Texas abortion ban remains in effect after appeals court rules against Justice Dept.
Texas abortion ban remains in effect after appeals court rules against Justice Dept.

The nation’s most restrictive abortion law remains in place for now, after a federal appeals court on Thursday sided with the state of Texas.

In a 2-to-1 order, the U.S. Court of Appeals for the 5th Circuit refused the Justice Department’s request to reinstate an earlier court ruling that temporarily lifted the ban, which bars abortion as early as six weeks into pregnancy and makes no exceptions for rape or incest.

The four-sentence order, which is expected to be appealed the Supreme Court, was backed by Judges James C. Ho, a nominee of President Donald Trump, and Catharina Haynes, a nominee of President George W. Bush. It did not detail the court’s reasoning, but noted the dissent of Judge Carl E. Stewart, a nominee of President Bill Clinton.

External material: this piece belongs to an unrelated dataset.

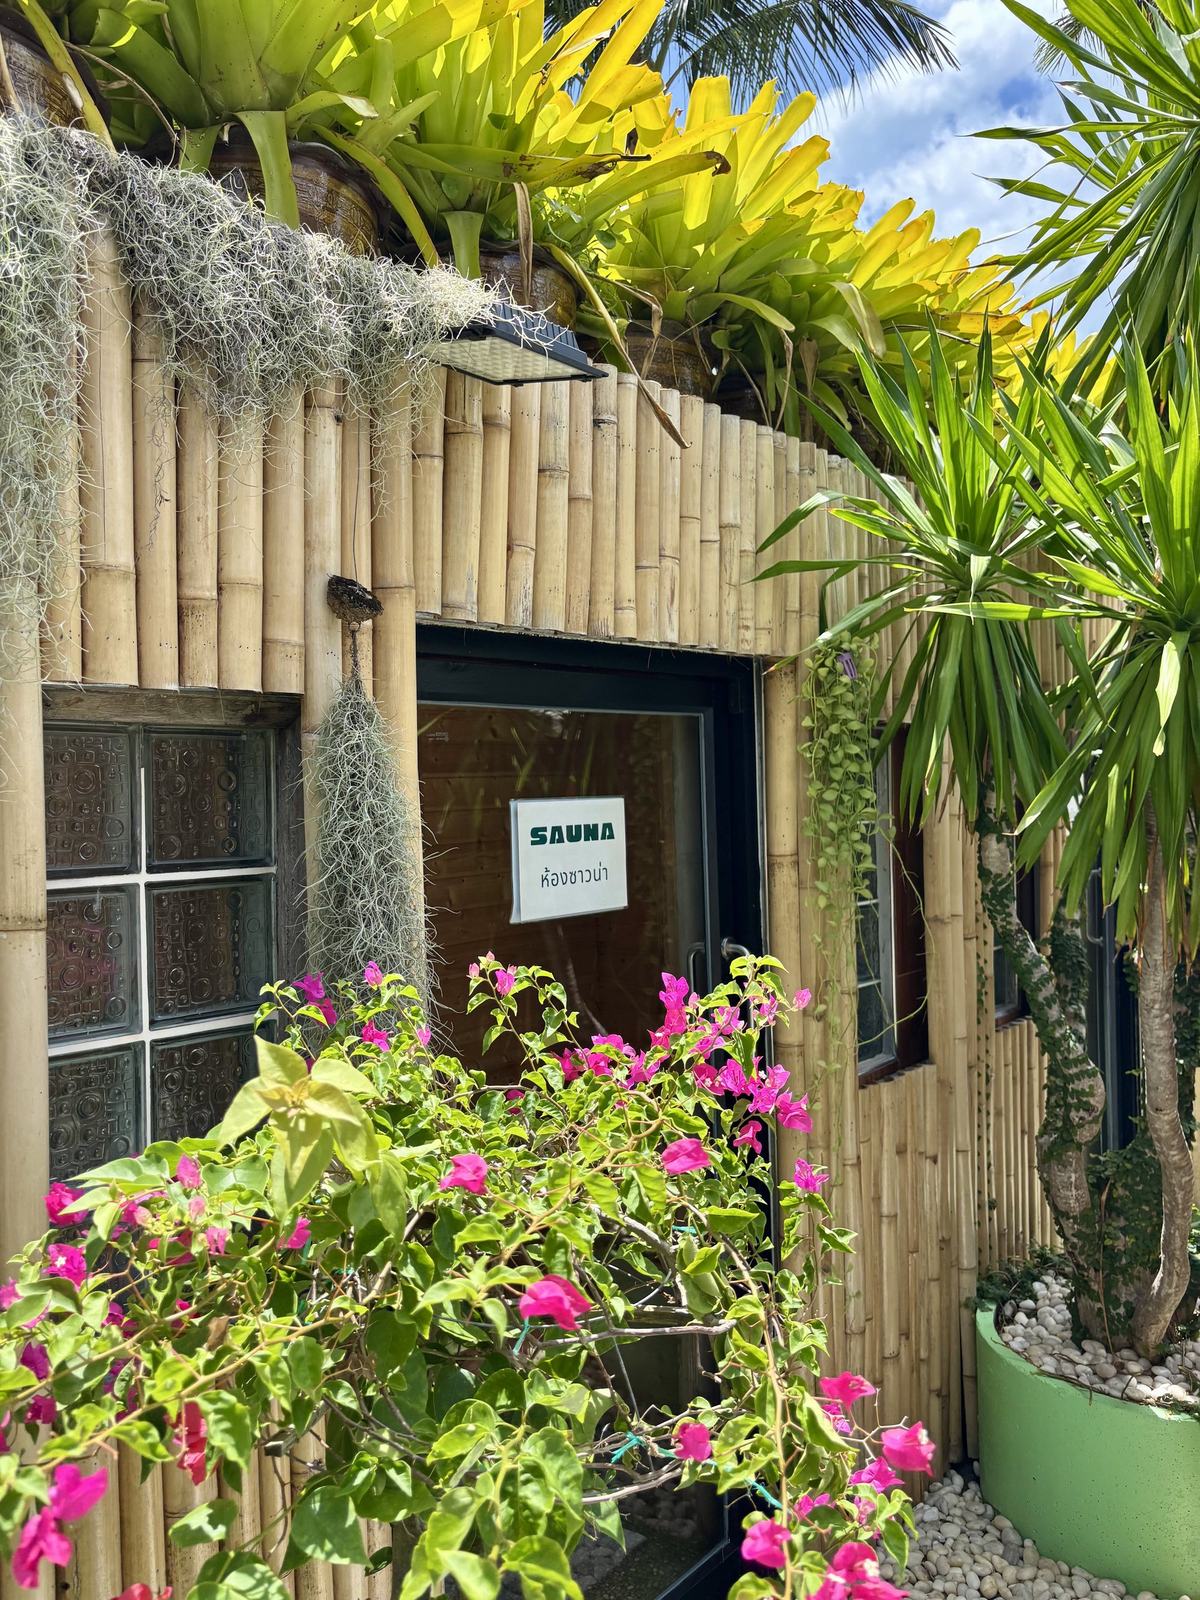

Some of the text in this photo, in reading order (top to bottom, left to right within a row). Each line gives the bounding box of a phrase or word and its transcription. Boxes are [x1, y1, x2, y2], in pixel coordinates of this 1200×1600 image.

[530, 822, 615, 846] SAUNA
[541, 861, 608, 888] ห้องซาวน่า

The order follows a temporary decision last week by the same panel of judges to reinstate the ban, less than 48 hours after it was suspended by the lower-court judge. The decision was based on previous rulings in a separate challenge, which said that because the ban is enforced by private individuals, and not government officials, it is not clear when and how the law can be challenged in federal court.

Abortion care is a ‘calling’ for this doctor. Now he must risk lawsuits, or quit.

The battle over the law’s enforcement mechanism has effectively halted almost all abortions in Texas, even though no court has addressed whether the ban violates past Supreme Court decisions guaranteeing the right to an abortion until viability, usually about 22 to 24 weeks of pregnancy.

The Supreme Court allowed a Texas law banning abortion past six weeks to remain in effect. Other conservative states may adopt similar measures going forward. (Blair Guild/The Washington Post)
Since Sept. 1, patients seeking to terminate their pregnancies have been driving hours to other states, including Oklahoma and Kansas, according to providers and advocates. Those who lack the money to make such trips, or cannot leave work or child-care commitments, are forced to continue with unwanted pregnancies.